Object-Aware AI: A Strategy to Combat Hallucinations in MLLMs

TLDR: CHAIR-DPO is a new method that uses a metric called CHAIR to identify and reduce “hallucinations” (when AI models describe things not present in an image) in Multimodal Large Language Models (MLLMs). It works by creating preference data based on how many hallucinated objects are in an AI’s response and then fine-tuning the MLLM using Direct Preference Optimization (DPO). This approach is simpler than previous methods, doesn’t rely on proprietary models, and significantly improves the factual accuracy of MLLMs without harming their other abilities.

Multimodal Large Language Models (MLLMs) are powerful AI systems that can understand and process information from various sources, including text and images. They are becoming a unified tool for many tasks, from natural language processing to computer vision. However, despite their impressive capabilities, MLLMs often suffer from a significant problem: hallucinations. [RESEARCH_PAPER_URL]

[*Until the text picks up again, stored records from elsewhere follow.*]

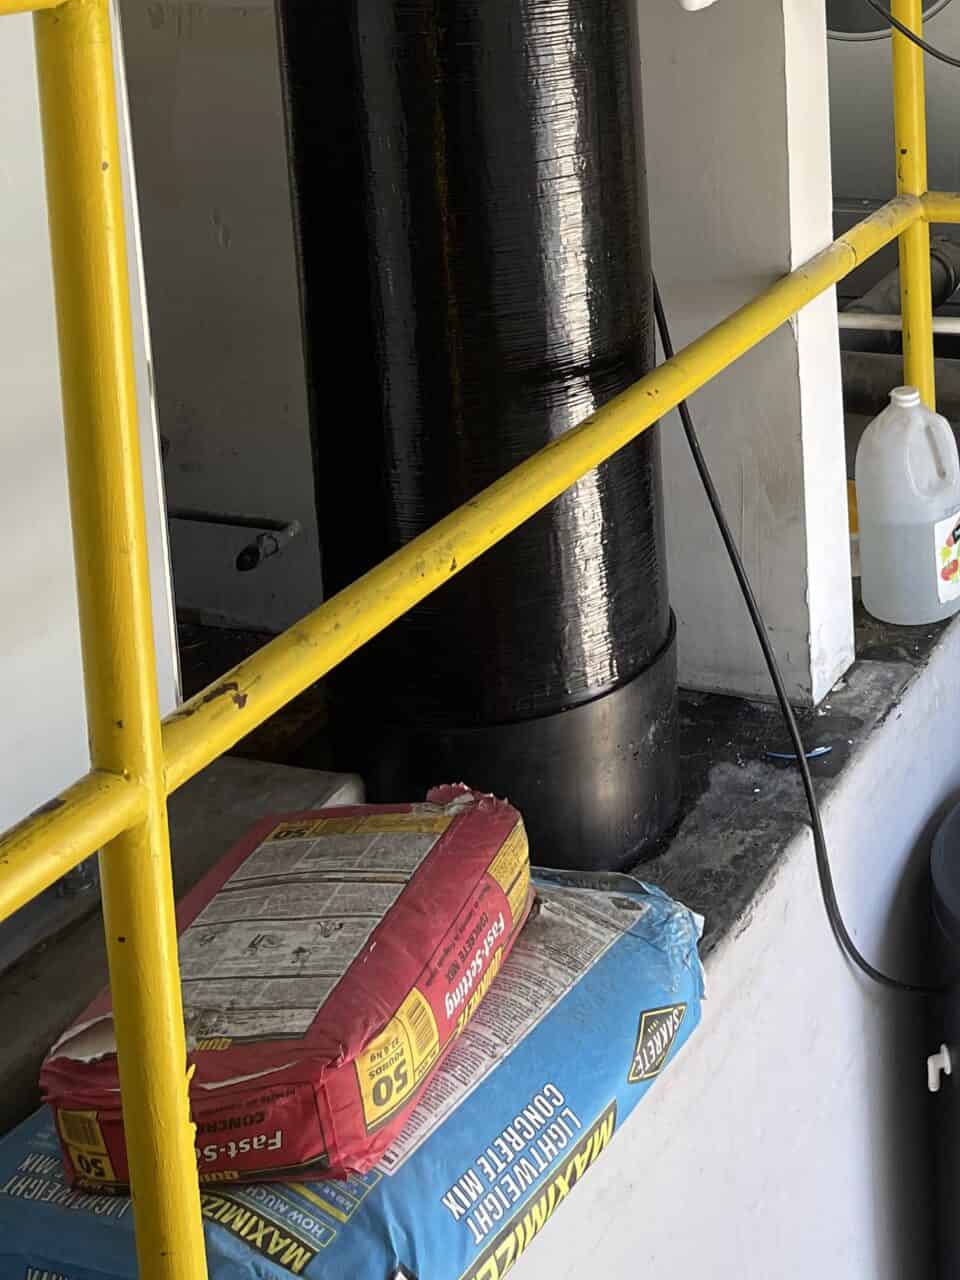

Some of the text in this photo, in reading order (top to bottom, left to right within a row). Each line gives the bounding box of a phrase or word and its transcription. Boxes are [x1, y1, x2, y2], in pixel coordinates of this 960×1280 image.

[444, 911, 505, 1019] Fast-Setting
[634, 1008, 681, 1078] SAKRETE
[372, 1058, 408, 1107] 50
[476, 1083, 566, 1182] CONCRETE
[77, 1151, 106, 1178] 50
[466, 1107, 582, 1245] LIGHTWEIGHT
[245, 1185, 290, 1213] MUCH
[441, 1169, 485, 1221] MIX
[287, 1210, 326, 1238] HOW

Understanding AI Hallucinations

In the context of MLLMs, a hallucination occurs when the model generates an answer to a user’s query that is not actually reflected in the visual input. For example, an MLLM might describe an object in an image that isn’t there. This issue has been a long-standing challenge in the field, and it becomes even more complex when dealing with multiple data types like text and images.

Introducing CHAIR-DPO: A New Approach to Factual AI

A recent research paper titled “Mitigating Hallucinations in Multimodal LLMs via Object-aware Preference Optimization” by Alberto Compagnoni, Davide Caffagni, Nicholas Moratelli, Lorenzo Baraldi, Marcella Cornia, and Rita Cucchiara from the University of Modena and Reggio Emilia, proposes a novel solution called CHAIR-DPO. This method tackles the problem of hallucinations by treating it as an alignment issue, aiming to guide the MLLM to prefer generating content that is free from hallucinations.

Unlike many existing approaches that require complex processes or rely on proprietary AI models to create synthetic training data, CHAIR-DPO offers a simpler and more efficient framework. It capitalizes on a well-known metric called CHAIR (Captioning with HAllucinations and Inconsistencies Reduced), which was originally designed to measure the extent of hallucinations in image captioning.

How CHAIR-DPO Works

The core idea behind CHAIR-DPO is to use the CHAIR metric to evaluate and rank different answers generated by an MLLM. Here’s a simplified breakdown of the process:

Collecting Preference Data: For a given image and text prompt, the system asks an MLLM to generate two possible answers.
Object Detection: An off-the-shelf object detector is used to identify all the objects truly present in the input image. This creates a ‘ground-truth’ list of objects.
CHAIRi Score Calculation: For each generated answer, a CHAIRi score is calculated. This score represents the fraction of hallucinated objects mentioned in the answer compared to all objects mentioned. An object is considered hallucinated if it’s mentioned in the answer but not found in the ground-truth list from the object detector.
Designating Winners and Losers: The answer with the lower CHAIRi score (fewer hallucinations) is designated as the ‘winner’ (preferred option), and the answer with the higher score is the ‘loser’ (dispreferred option).
Direct Preference Optimization (DPO): These pairs of preferred and dispreferred answers are then used to fine-tune the MLLM using Direct Preference Optimization (DPO). DPO is an effective training method that aligns the model with human preferences by increasing the probability of generating preferred answers and decreasing the probability of generating dispreferred ones. This process makes the MLLM more aware of the actual objects in an image.
Data Filtering: To ensure reliable training, the researchers also implemented a filtering strategy, discarding any pairs of answers where the CHAIRi scores were identical. This prevents the model from learning from ambiguous or noisy data.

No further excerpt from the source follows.